Conclusion: There were no findings associated with residual PTx, and no significant differences in both local and systemic adverse reactions in the novel rDTaP vaccine compared to existing available DTaP vaccines. The results suggest that the novel rDTaP vaccine is safe.

Keywords: Bordetella pertussis; Diphtheria-tetanus-acellular pertussis vaccines; Murine model study; Recombinant DTaP vaccine; Safety.

Fig. 1. Temperature histamine sensitization test results showing (A) the linear line of reference pertussis toxin (PTx) (NIBSC 15/126) Standard, (B) the results of bivalent control or experimental diphtheria-tetanus-acellular pertussis (DTaP) vaccines, and (C) the results of trivalent control or experimental DTaP vaccines. NIBSC, National Institute for Biological Standards and Control; rP, recombinant pertussis; CI, confidence interval; SEM, standard error of mean.

Fig. 2. Leukocytes distributions at 3 days after immunization with bivalent diphtheria-tetanus-acellular pertussis (DTaP) vaccines. (A) Neutrophil concentration. (B) Lymphocyte concentration. (C) Monocyte concentration. Horizontal bold blue line indicates upper limit of monocyte normal ranges. WBC, white blood cell; rP, recombinant pertussis. ^a)The normal range of mouse blood cell counts was provided by Charles River Laboratories (Wilmington, MA, USA).

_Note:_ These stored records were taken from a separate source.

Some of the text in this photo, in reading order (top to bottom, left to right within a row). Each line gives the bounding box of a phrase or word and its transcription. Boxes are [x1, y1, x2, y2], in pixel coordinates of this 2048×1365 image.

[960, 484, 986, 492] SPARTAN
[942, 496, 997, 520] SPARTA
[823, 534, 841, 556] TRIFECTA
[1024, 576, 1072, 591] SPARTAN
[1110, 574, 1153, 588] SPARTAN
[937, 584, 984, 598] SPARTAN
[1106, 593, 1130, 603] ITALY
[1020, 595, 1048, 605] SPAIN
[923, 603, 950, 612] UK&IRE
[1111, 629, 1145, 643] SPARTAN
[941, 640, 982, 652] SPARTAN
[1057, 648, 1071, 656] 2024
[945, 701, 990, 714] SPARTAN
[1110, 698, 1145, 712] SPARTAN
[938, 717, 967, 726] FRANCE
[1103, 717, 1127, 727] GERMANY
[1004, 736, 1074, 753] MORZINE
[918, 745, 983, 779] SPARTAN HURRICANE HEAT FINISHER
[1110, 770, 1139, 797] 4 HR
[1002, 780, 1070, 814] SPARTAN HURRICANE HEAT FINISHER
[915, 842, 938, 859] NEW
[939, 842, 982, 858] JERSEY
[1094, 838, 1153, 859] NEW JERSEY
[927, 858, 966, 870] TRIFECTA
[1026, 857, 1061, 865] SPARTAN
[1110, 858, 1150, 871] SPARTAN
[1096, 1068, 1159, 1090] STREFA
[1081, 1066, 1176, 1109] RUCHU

Fig. 3. (A, B) Leukocytes distributions at 1 and 3 days after immunization with trivalent diphtheria-tetanus-acellular pertussis (DTaP) vaccines. WBC, white blood cell; rP, recombinant pertussis. ^a)The normal range of mouse blood cell counts was provided by Charles River Laboratories (Wilmington, MA, USA).

Fig. 4. Weight and temperature changes after immunization with bivalent diphtheria-tetanus-acellular pertussis (DTaP) vaccines. (A) Weight changes in grams versus days after post-vaccination. (B) Weight changes in percentages versus days after post-vaccination. (C) Temperature changes in Celsius versus days after post-vaccination. (D) Temperature changes in percentages versus days after post-vaccination. WBC, white blood cell; rP, recombinant pertussis; SEM, standard error of mean; CI, confidence interval.

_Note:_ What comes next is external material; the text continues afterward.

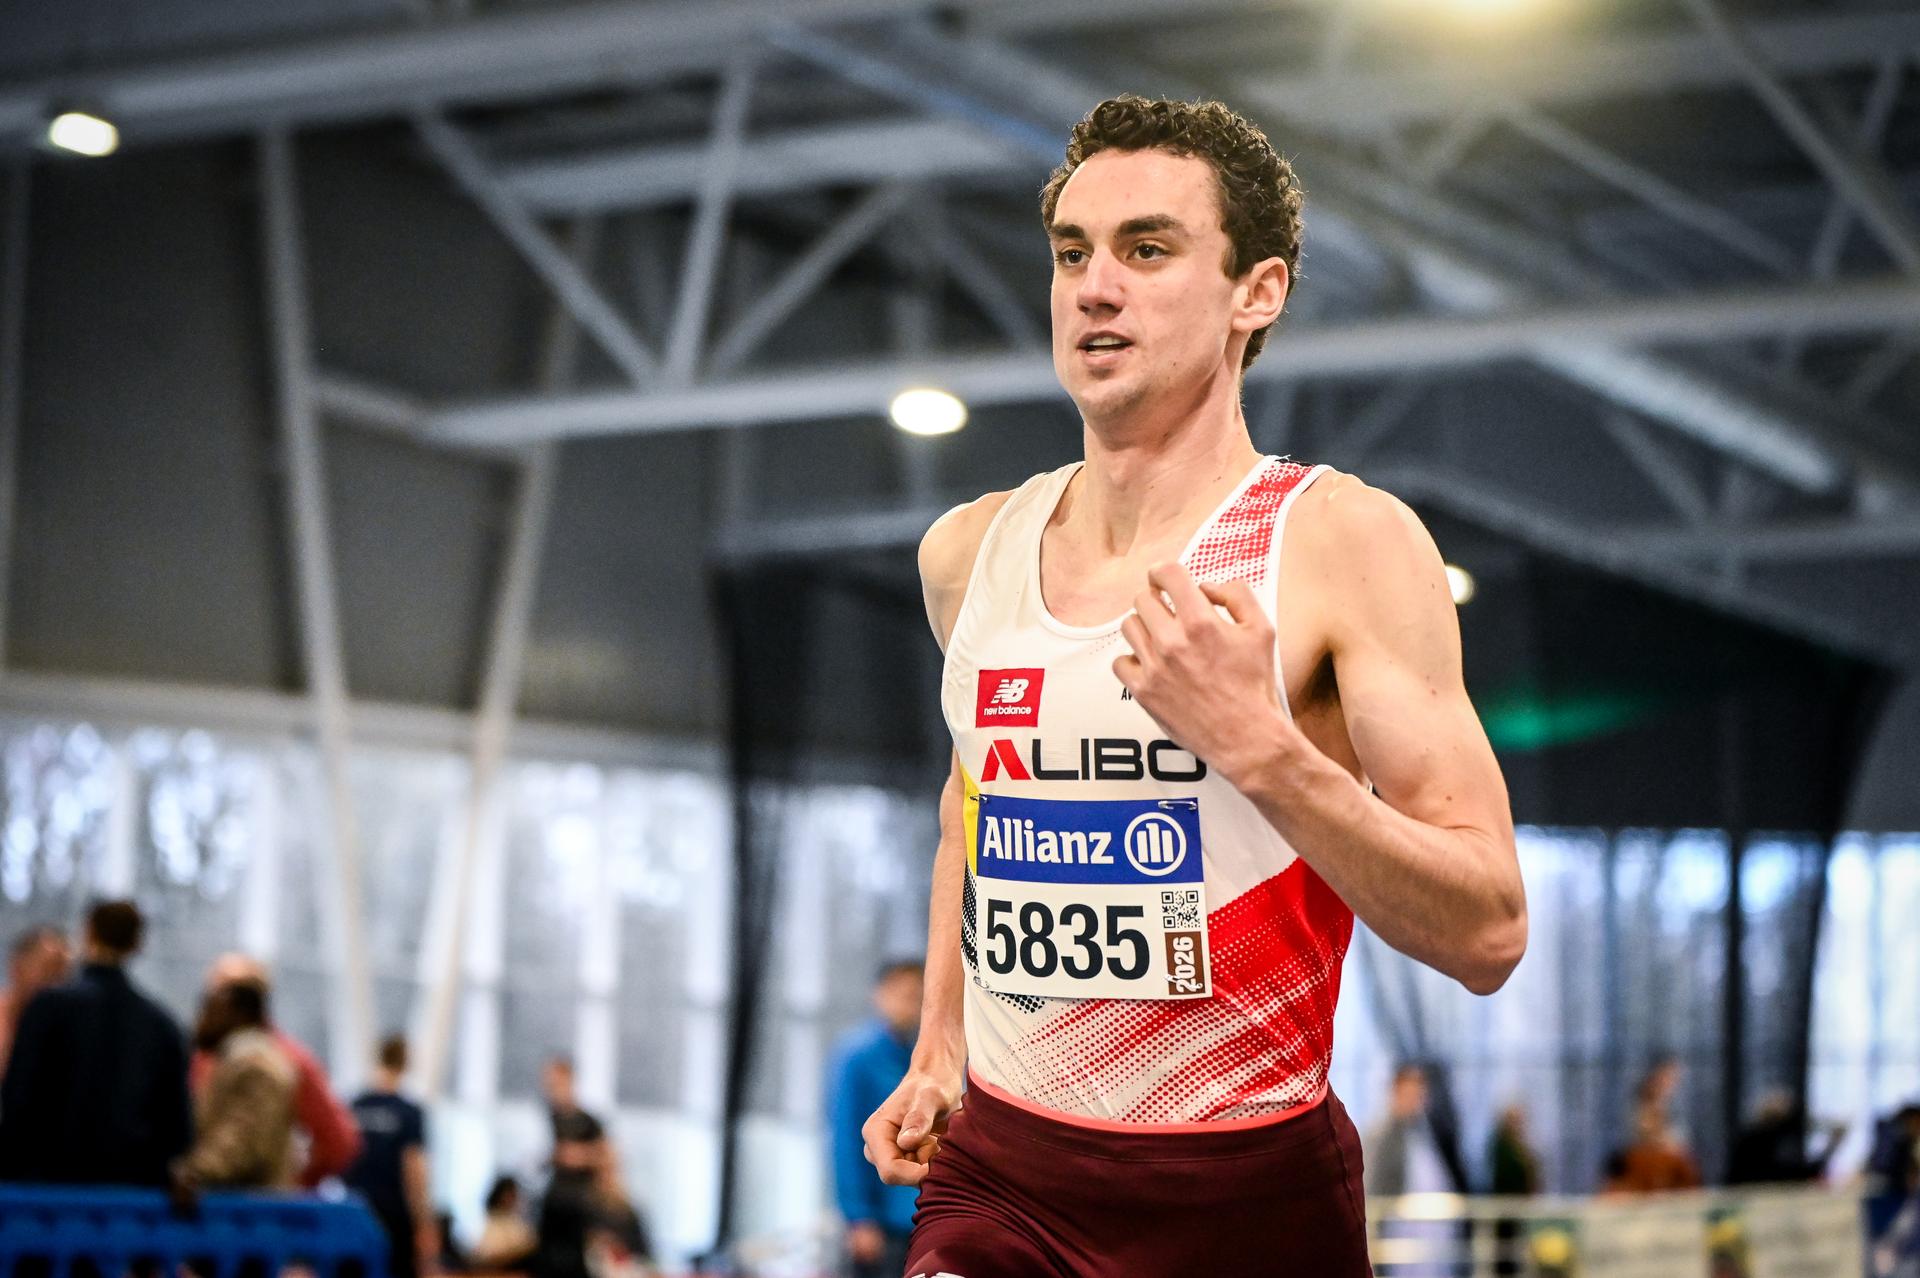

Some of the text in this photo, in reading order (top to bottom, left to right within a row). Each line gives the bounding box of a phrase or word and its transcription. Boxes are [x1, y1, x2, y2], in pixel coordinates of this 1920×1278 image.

Fig. 5. Weight and temperature changes after immunization with trivalent diphtheria-tetanus-acellular pertussis (DTaP) vaccines. (A) Presenting weight changes in grams versus days after post-vaccination. (B) Weight changes in percentages versus days after post-vaccination. (C) Temperature changes in Celsius versus days after post-vaccination. (D) Temperature changes in percentages versus days after post-vaccination. WBC, white blood cell; rP, recombinant pertussis; SEM, standard error of mean; CI, confidence interval.

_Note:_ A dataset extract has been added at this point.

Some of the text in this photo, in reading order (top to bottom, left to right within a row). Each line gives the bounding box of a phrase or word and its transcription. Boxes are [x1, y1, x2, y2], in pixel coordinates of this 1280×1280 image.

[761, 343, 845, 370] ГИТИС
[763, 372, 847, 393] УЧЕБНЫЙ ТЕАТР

Fig. 6. Inflammatory muscular cytokines at vaccine injection sites 3 days after immunizations with bivalent diphtheria-tetanus-acellular pertussis (DTaP) vaccines (A) and trivalent DTaP vaccines (B). rP, recombinant pertussis; IL, interleukin; IFN-γ, interferon-γ; TNF-α, tumor necrosis factor-α; SDF-1, stromal cell-derived factor-1; NEG, negative control; I-TAC, interferon-inducible T cell α chemoattractant; TCA-3, T-cell activation gene-3; KC, keratinocyte-derived cytokine; TECK, thymus-expressed chemokine; LIX, lipopolysaccharide-induced CXC chemokine; TIMP, tissue inhibitors of metalloproteinase; BLC, B-lymphocyte chemoattractant; MCP-1, monocyte chemotactic protein-1; MCSF, macrophage-colony stimulating factor; MIG, monokine induced by gamma interferon; MIP, macrophage inflammatory protein; GCSF, granulocyte-colony stimulating factor.